Russian forces continue to attack through four axes — from Belarus to the north, Russia to the northeast and east, and from Crimea to the south — with the aim of taking control of major population centres, especially Kyiv and Kharkiv. Heavy armour, airborne special forces, decapitation and terror strikes, and sabotage elements are all being employed, as predicted.
But progress has been slower than anticipated, for several reasons.
The first of these is simply that war is hard, that a fog descends quickly to complicate matters. And Russia’s military abilities, despite the use of nearly 200,000 combat troops in the invasion, seem limited — mediocre at best.
Its army is heavily reliant on conscripts and appears short on competence, the result of decades of neglect masked by effective propaganda. Russia has become a shell of a superpower militarily, economically and especially politically, despite its possession of nuclear weapons.
Such difficulties may have been compounded by a detached commander-in-chief who is leading from his dacha, cosseted by his former KGB comrades. Coupled with a notorious institutional hierarchical inflexibility, Russia battles to adapt any plan to changing circumstances. This is complicated by inevitable logistics challenges, which are likely only to worsen the farther Russian forces travel and the more congested routes become. This has made the taking of key airports imperative as supply depots.

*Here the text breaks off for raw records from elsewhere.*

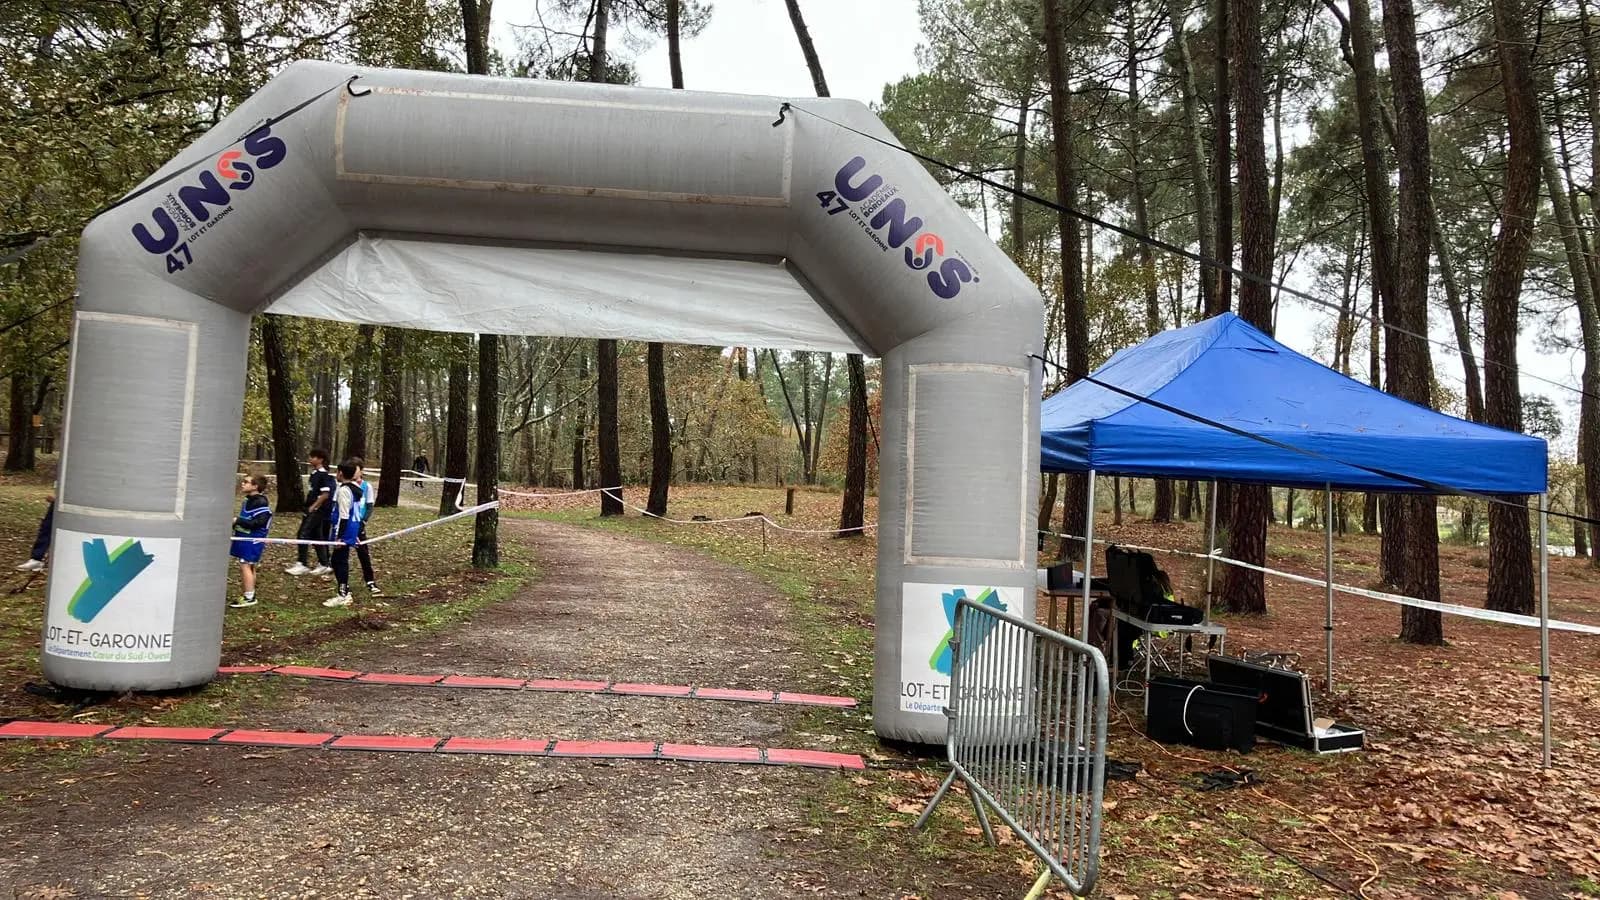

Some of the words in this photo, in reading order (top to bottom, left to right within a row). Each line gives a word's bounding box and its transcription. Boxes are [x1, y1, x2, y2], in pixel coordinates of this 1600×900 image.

[166, 193, 196, 228] BORDEAUX
[816, 191, 849, 215] 47
[862, 186, 899, 218] BORDEAUX
[188, 231, 201, 243] LOT
[200, 226, 207, 234] ET
[206, 206, 234, 228] GARONNE
[849, 210, 860, 221] LOT
[858, 220, 866, 228] ET
[864, 227, 888, 252] GARONNE
[166, 242, 193, 274] 47
[905, 700, 913, 709] Le
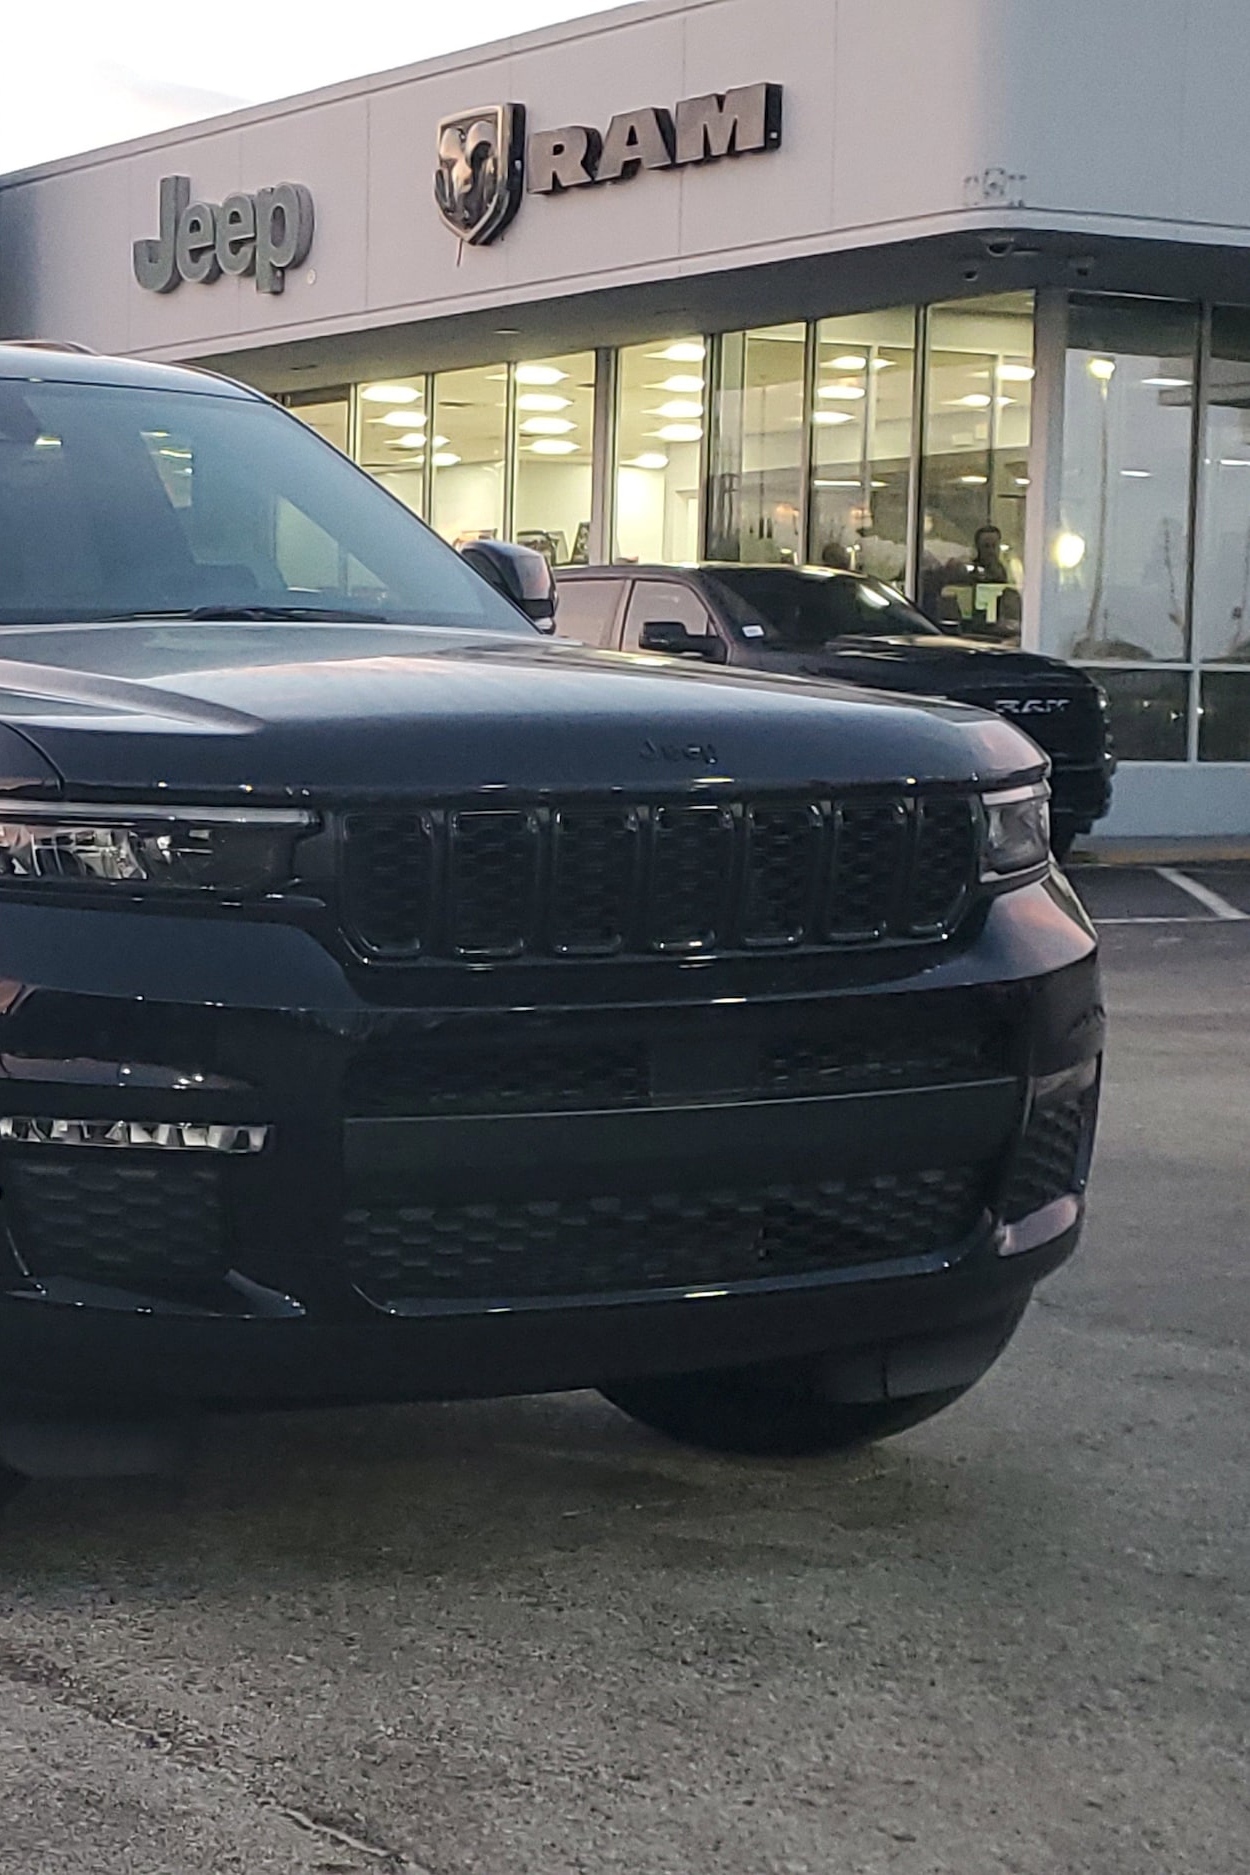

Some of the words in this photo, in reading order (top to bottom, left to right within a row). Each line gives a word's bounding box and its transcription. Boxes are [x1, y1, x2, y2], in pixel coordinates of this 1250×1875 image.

[527, 83, 781, 194] RAM
[133, 175, 314, 294] Jeep
[994, 698, 1071, 714] RAM

It may be that the Russians have not yet committed the force levels they can, and when they do it’s all over, but even this is subject to the logistics and complexity challenges outlined. Mass formations also make a tempting target, especially for drones, loitering and other munitions. And even if (when?) the Russians take Kyiv, they will probably have to fight a guerrilla war, which will be pricey and unpopular, as colonial wars against guerrillas invariably are. Afghanistan serves to remind both the West and Russia of this cost.
Another reason for the slower than expected progress is that the Ukrainians are fighting hard and are well led, from the top by the charismatic President Volodymyr Zelensky. Whereas the Russians might have (wrongly) expected a similar level of Ukrainian resistance as faced when capturing Crimea in 2014, those lessons appear to have been well learnt by Kyiv. As one British military specialist who has worked with the Ukrainians has noted, they “have a unique advantage in that they understand the Russian mindset and military approach whilst at the same time understanding the Western way of fighting”.

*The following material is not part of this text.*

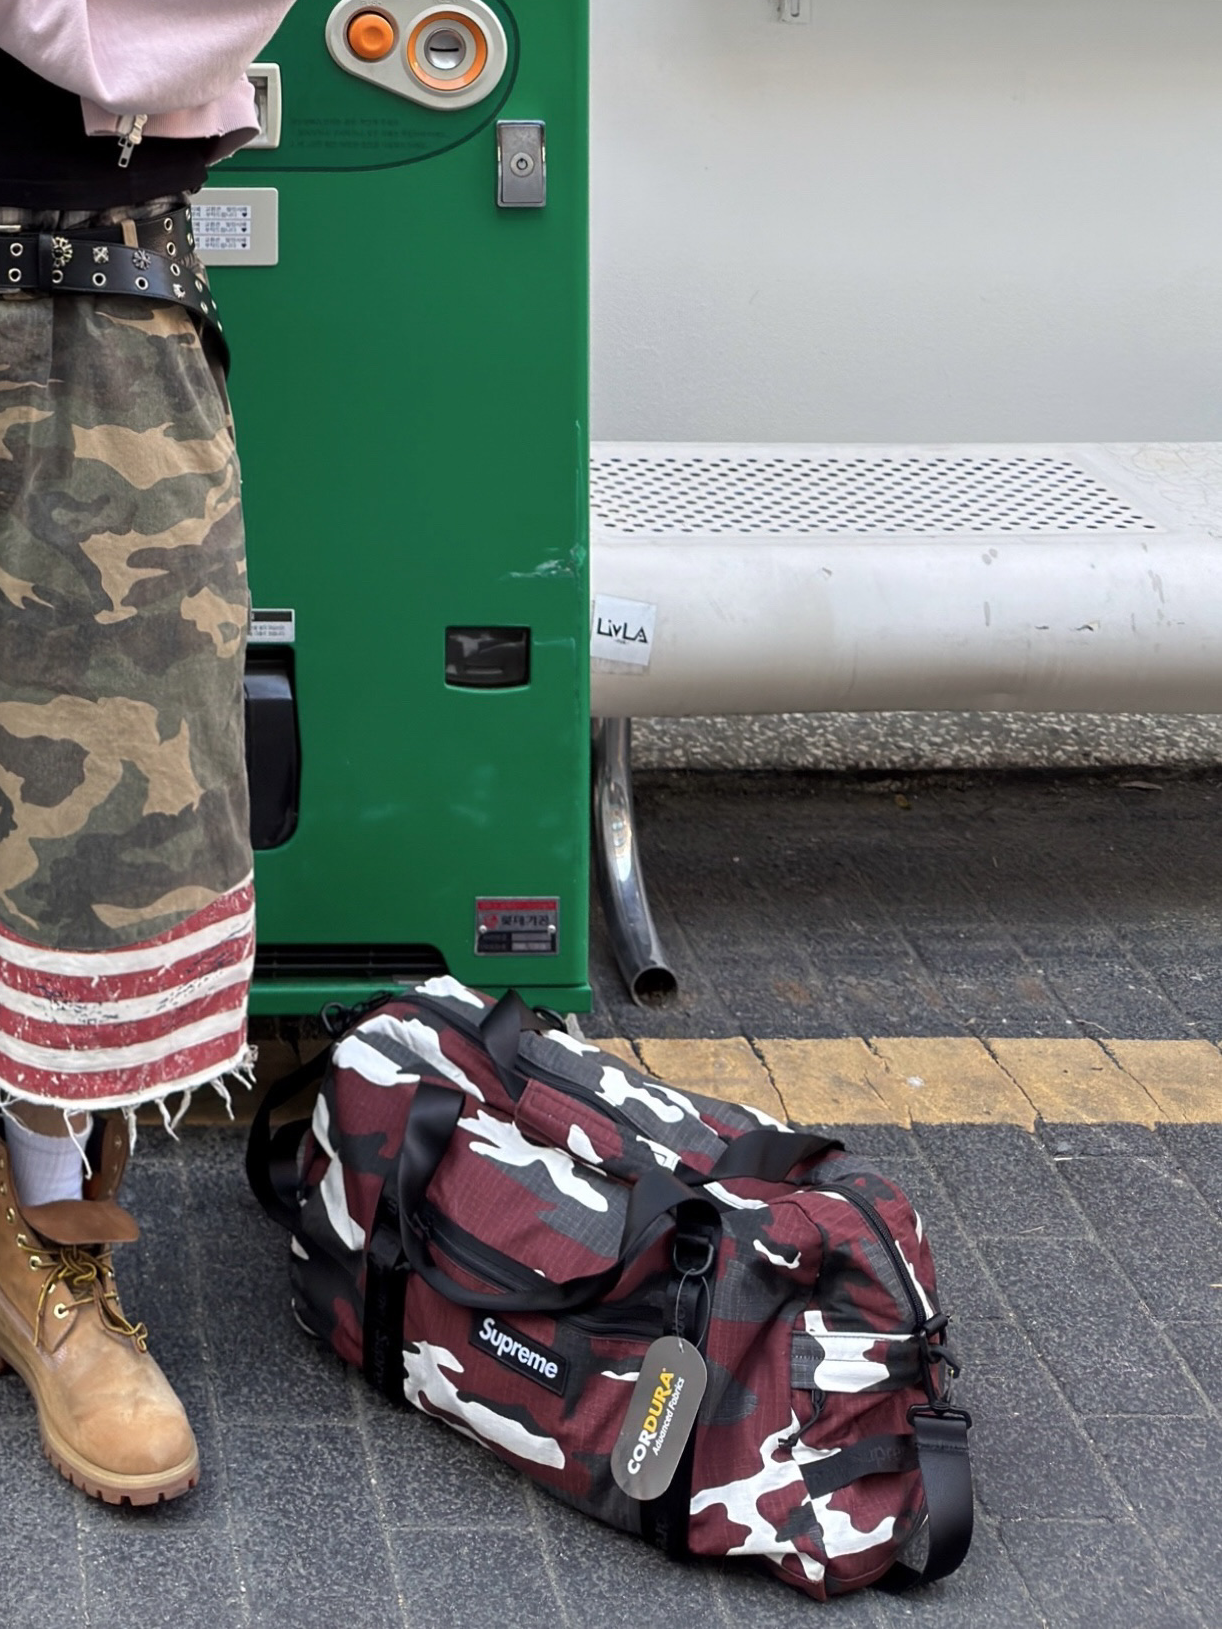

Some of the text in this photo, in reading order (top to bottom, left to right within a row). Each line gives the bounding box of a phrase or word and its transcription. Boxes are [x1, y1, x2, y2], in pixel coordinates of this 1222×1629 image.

They thus have a very good idea of what the Russians are going to do and when supported by Western intelligence this has had a material effect.
It has not stopped there. The Ukrainians (and their international network including the Anonymous collective) has out-hacked the Russians, so far at any rate, shutting down various Russian military and government websites. They even managed to reprogramme Russian TV to play the Ukrainian national anthem, forcing state channels to go off air in the Baltics and Black Sea region.
The West has stepped up to the plate in delivering the type of defensive support that Ukraine can best employ: anti-tank and air-defence missiles plus, it is presumed, intelligence sharing. The Russians have also so far comprehensively lost the diplomatic battle. It’s not just that the Europeans have slapped unprecedented sanctions on Moscow and its oligarchs, but that support of its key ally, China, has wobbled, not least in the UN, while Kazakhstan’s refusal to support Russia with troops has been complemented by condemnation by both other key Russian allies.
Perhaps most notable have been the disappointing effects — or application — of the Russians’ much-vaunted “hybrid” or “non-linear” war plan.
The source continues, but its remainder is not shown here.